The term psychosomatics itself represents all the complexity and tension of this discipline. It contains a dualism that contrasts with the theory at the heart of psychosomatic medicine—the functional and synergistic unitary nature of soma and psyche.
The psychosomatic problem represents the original nucleus at the inception of the psychoanalytic movement that concerns itself precisely with the physical disorders devoid of an anatomopathological substratum. With the development of the libido theory and the resulting hypotheses on the development of neurosis, Freud proposed a model that integrates the somatic, psychic, and social component, and it represents in a convincing way physical diseases that occur as a result of psychological events.
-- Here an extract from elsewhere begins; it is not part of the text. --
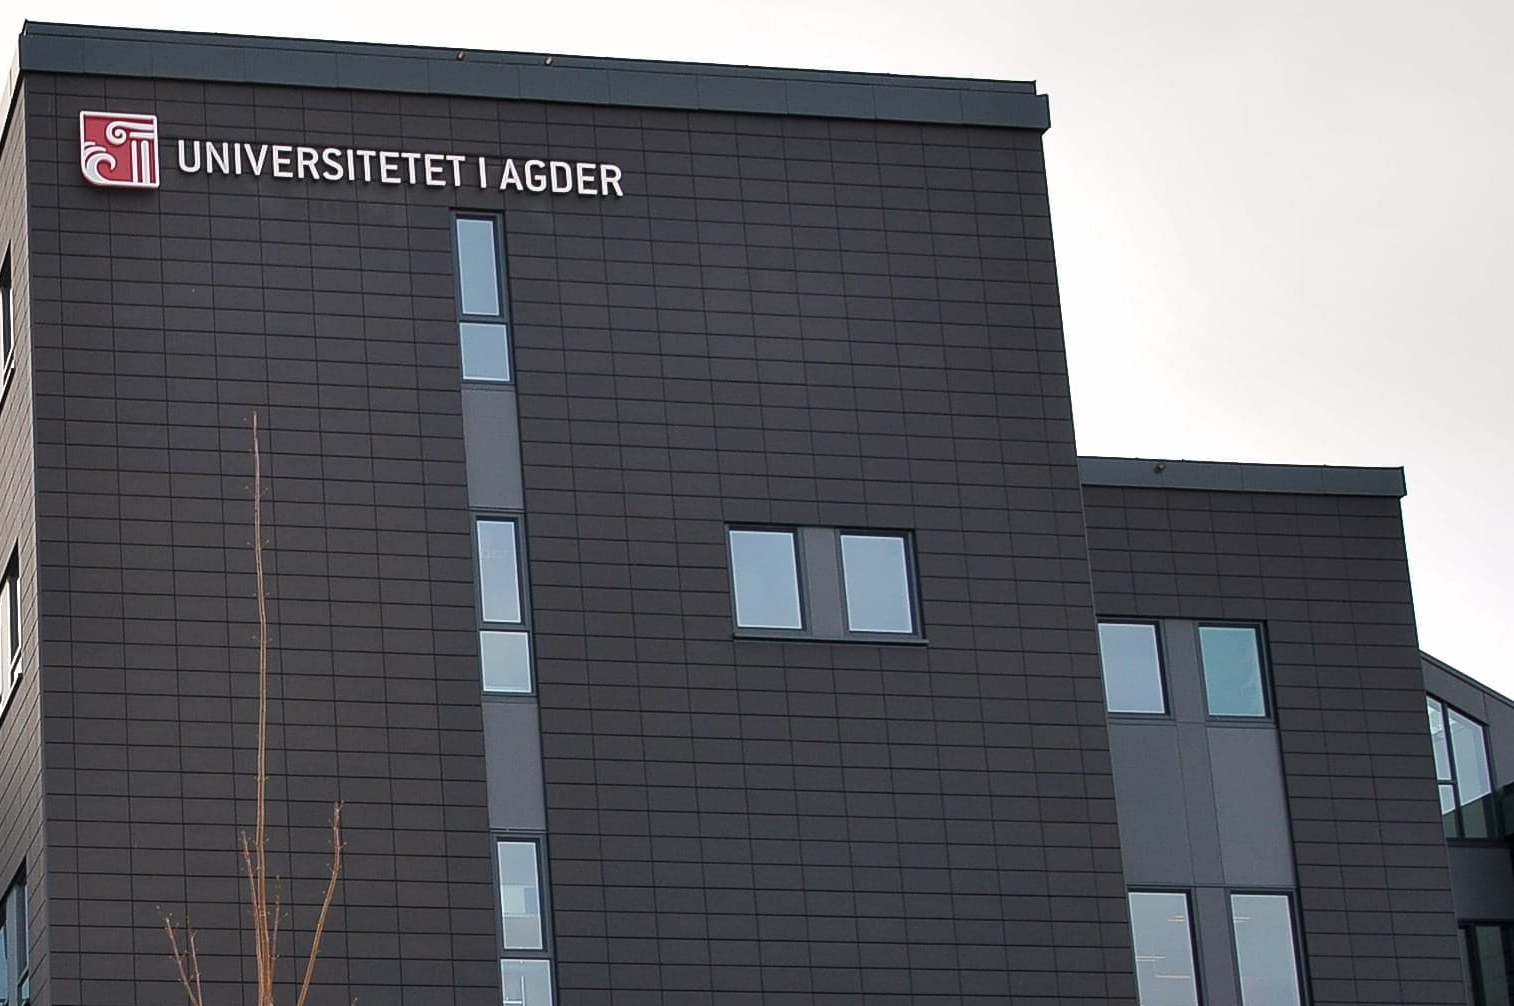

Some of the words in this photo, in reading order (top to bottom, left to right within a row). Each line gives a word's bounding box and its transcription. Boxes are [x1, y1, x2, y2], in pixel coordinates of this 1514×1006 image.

Freud created two distinct approaches in the explanation of psychosomatic disorders: the first makes use of a system of conversion of the psychic into the somatic, and the second raises problems of biological nature, in the sense that a psychological factor (anxiety) would directly activate the sympathetic system and therefore the organic functions it controls.
The conflict theory was the first major paradigm of psychosomatic medicine, and most efforts by the first generation of psychosomatists aimed to test this hypothesis and identify psychological conflicts that were typical of patients suffering from diseases considered psychosomatic in nature. Some scholars—such as Federn, Goddeck, Deutsch, Dumbar and Alexander, Schultz-Hencke, von Weizsäcker, Schilder, Schur, de Mitsherlich, de Boor—starting from the Freudian psychoanalysis, emphasize a particular psychoanalytic mechanism interpreted as a cause of psychosomatic disorders. The panorama of contemporary psychosomatics is certainly much more varied than the classical one, and new proposals and conceptions have emerged alongside the psychoanalytic model. The main contemporary models aim to integrate the knowledge of medicine and psychoanalysis into a coherent and unitary theoretical whole. The goal is therefore the unification of the ontological and scientific dualism that sees the body of medicine as opposed to the psyche of psychoanalysis. The contemporary theories all converge in the analysis of the original mechanisms of formation and development of subjectivity that is named according to the search to address ego, self, or identity.